GffRead can be used to simply read an annotation file in a GFF format, and print it in either GFF3 (default) or GTF2 format (with the -T option), while discarding any non-trasncript features and optional attributes. It can also report some potential issues found in the input GFF records. The command line for such a quick GFF/GTF file cleanup would be:
gffread -E annotation.gff -o ann_simple.gff
This will create a minimalist GFF3 re-formatting of the transcript records found in the input file (annotation.gff
in this example).
The -E option directs GffRead to "expose" (display warnings about) any potential formatting issues
encountered while parsing the input file.

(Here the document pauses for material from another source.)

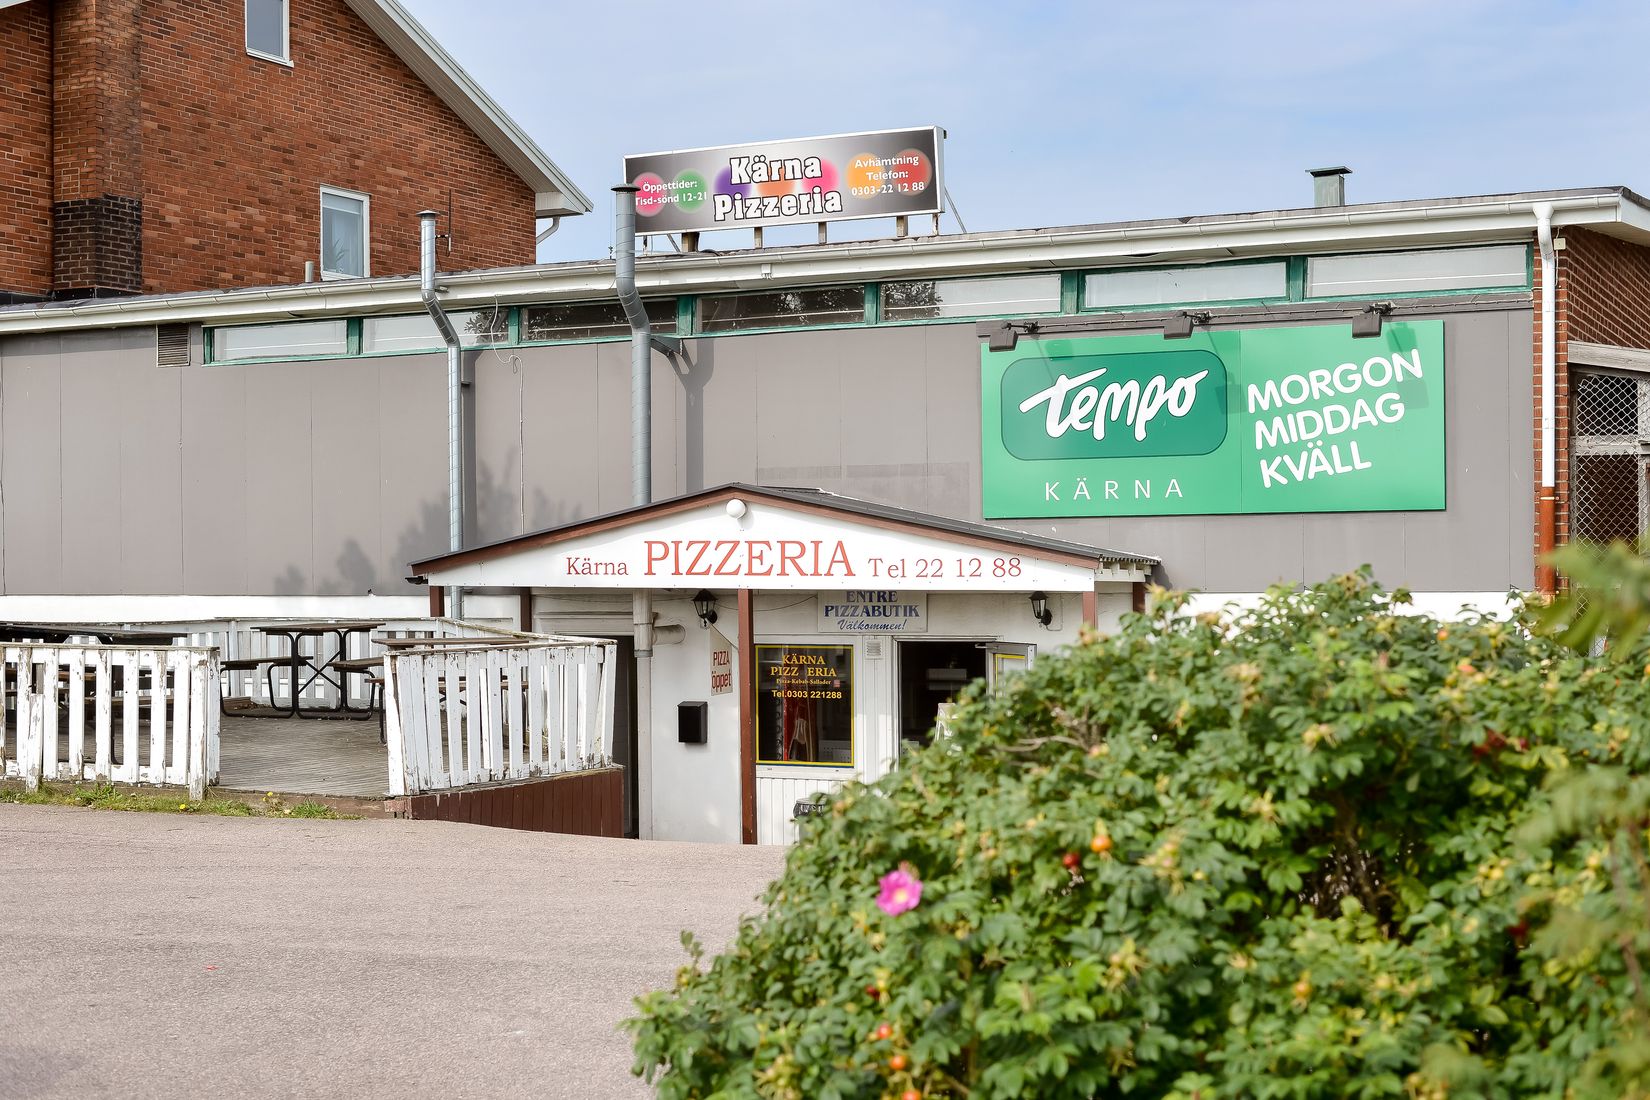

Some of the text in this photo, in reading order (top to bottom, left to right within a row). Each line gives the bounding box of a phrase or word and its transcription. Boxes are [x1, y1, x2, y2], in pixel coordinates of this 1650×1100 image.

In order to obtain the GTF2 version of the same transcript records, the -T
option should be added:
gffread annotation.gff -T -o annotation.gtf
GffRead can be used to generate a FASTA file with the DNA sequences for all transcripts in a GFF file. For this operation a fasta file with the genomic sequences has to be provided as well. This can be accomplished with a command line like this:
gffread -w transcripts.fa -g genome.fa annotation.gff
The file genome.fa
in this example would be a multi-fasta file with the chromosome/contig sequences of the target genome.
This also requires that every contig or chromosome name found in the 1st column of the input GFF file
(annotation.gff
in this example) must have a corresponding sequence entry in the genome.fa
file.
gffread --table @id,@chr,@start,@end,@strand,@exons,Name,gene,product \
-o annotation.tbl annotation.gff
This shows how the --table
option can make a tab delimited table out of a GFF3 input.
The output
directory contains all the output files that should be generated by the above examples.